The Left Party has responded with a further shift to the right. It constantly strives to prove that it is “fit to govern,” and agrees with the SPD and the Greens on all fundamental political issues. The party “right” around Gysi and its so-called “left” kick the rhetorical ball back and forth, but their public disputes are only used to lend the right-wing policies of the party a “left” hue. The representatives of the various wings are largely in agreement on the essential political content.
Thus Janine Wissler, a member of the Marx21 tendency, led the negotiations on a coalition government with the SPD and the Greens in Hesse, constantly emphasising that such a coalition would not fail on account of the Left Party.
Sahra Wagenknecht, the Left Party parliamentary group vice-president and another icon of the party’s so-called “left wing,” responded in parliament to the first policy statement of the Chancellor. She did not refer, as she usually does, to Ludwig Erhard, the CDU finance minister and Chancellor of the post-war period, but rather to Catholic Pope Francis, the leader of an institution that has embodied murky reaction for centuries.
The Marx21 tendency, which is linked to the International Socialist Tendency (IST), agitates repeatedly for “humanitarian” military interventions. It has described the imperialist intervention in Syria as a revolution in order to drum up support for a military offensive.
The Socialist Alternative (SAV), which is affiliated to the Committee for a Workers’ International (CWI), maintains close contact with the unions, which in turn are among the main pillars of the grand coalition.
Given the intensification of the social crisis, the representatives of the ruling class are closing ranks to constitute an all-party coalition against the working class. This is the significance of the grand coalition. The Left Party and its pseudo-left supporters are an important part of this process. Claims that there are “healthy,” “left-wing,” let alone “socialist” elements in this party are completely misguided.
This is shown by the history of the Left Party. The eastern part of the organisation stems from the tradition of Stalinism, the gravedigger of the October Revolution and responsible for the worst crimes against the international working class. As the ruling state party, the East German Stalinist SED suppressed the working class for decades.
In 1989-90, in its new guise as the Party of Democratic Socialism, and together with its affiliated Stalinist parties, it reintroduced the capitalist free market, with catastrophic consequences for hundreds of millions of workers.

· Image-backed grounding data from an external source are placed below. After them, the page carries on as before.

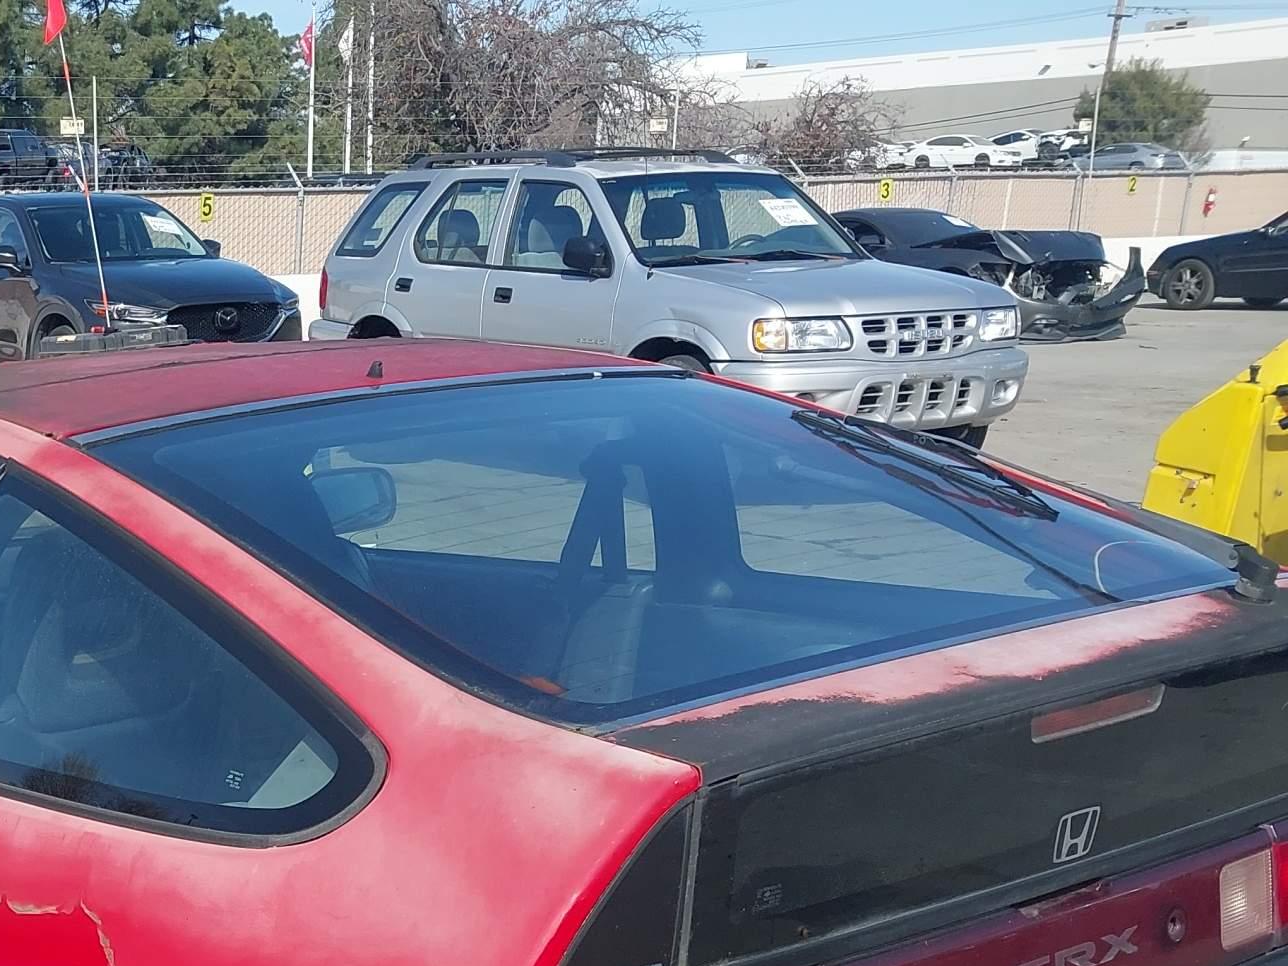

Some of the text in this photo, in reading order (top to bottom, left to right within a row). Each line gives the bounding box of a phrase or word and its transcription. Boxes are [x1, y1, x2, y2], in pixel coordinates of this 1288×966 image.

[881, 182, 890, 199] 3
[1129, 176, 1137, 192] 2
[202, 196, 212, 217] 5
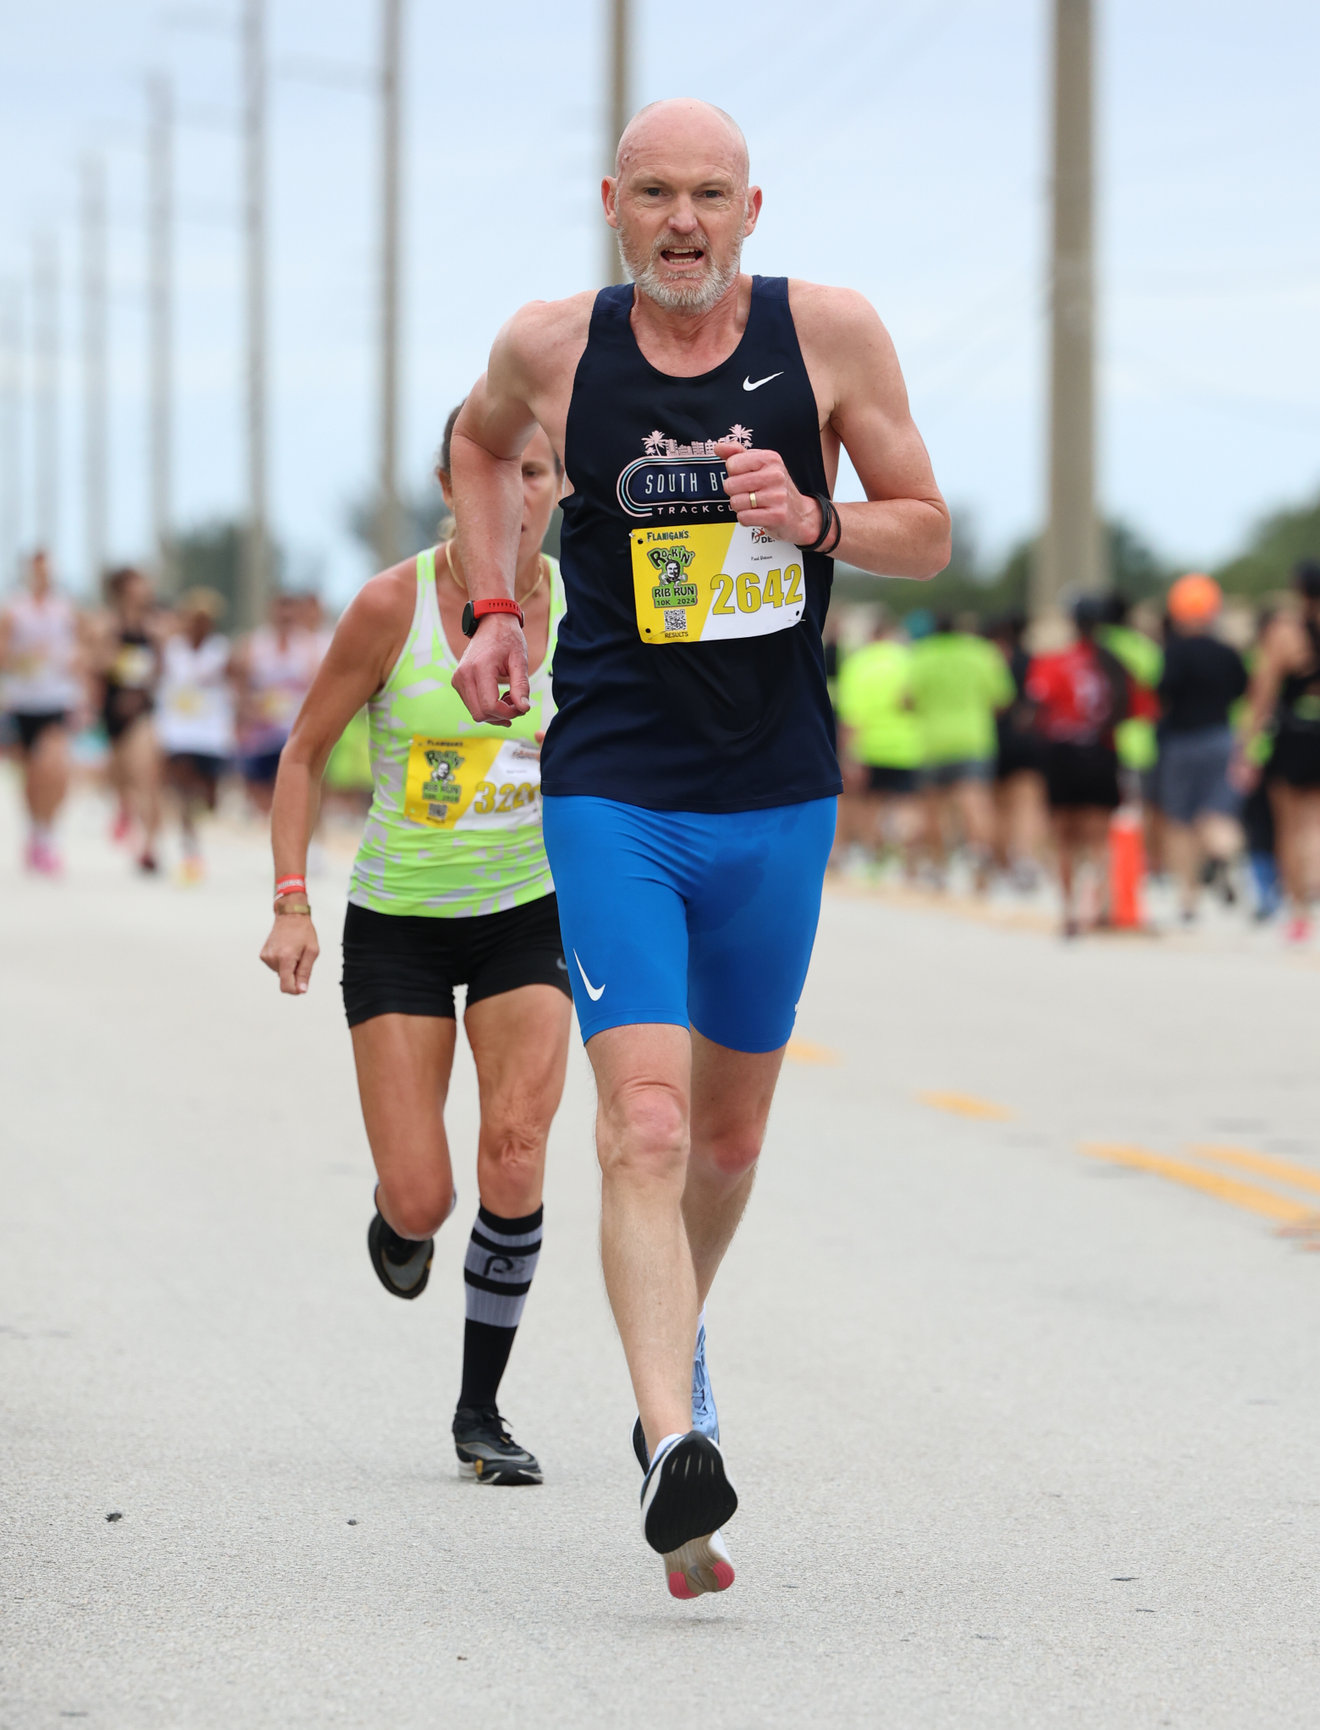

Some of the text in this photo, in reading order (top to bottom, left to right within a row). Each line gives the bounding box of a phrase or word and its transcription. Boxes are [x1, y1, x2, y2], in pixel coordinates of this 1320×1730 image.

[645, 471, 728, 494] SOUTH BE
[657, 504, 735, 515] TRACK CL
[646, 530, 689, 541] FLANIGAN'S
[654, 586, 695, 598] RIB RUN
[710, 563, 803, 615] 2642
[677, 597, 696, 605] 2024

The western part is recruited from trade union and former social democratic functionaries who broke with the SPD, fearing an independent socialist movement by workers against social attacks introduced by the SPD-Green government headed by Gerhard Schröder. These forces have since been joined by various pseudo-left groups such as Marx21 and SAV, which were drawn to the anti-working class character of the Left Party and seek to advance their own careers as bourgeois politicians in its midst.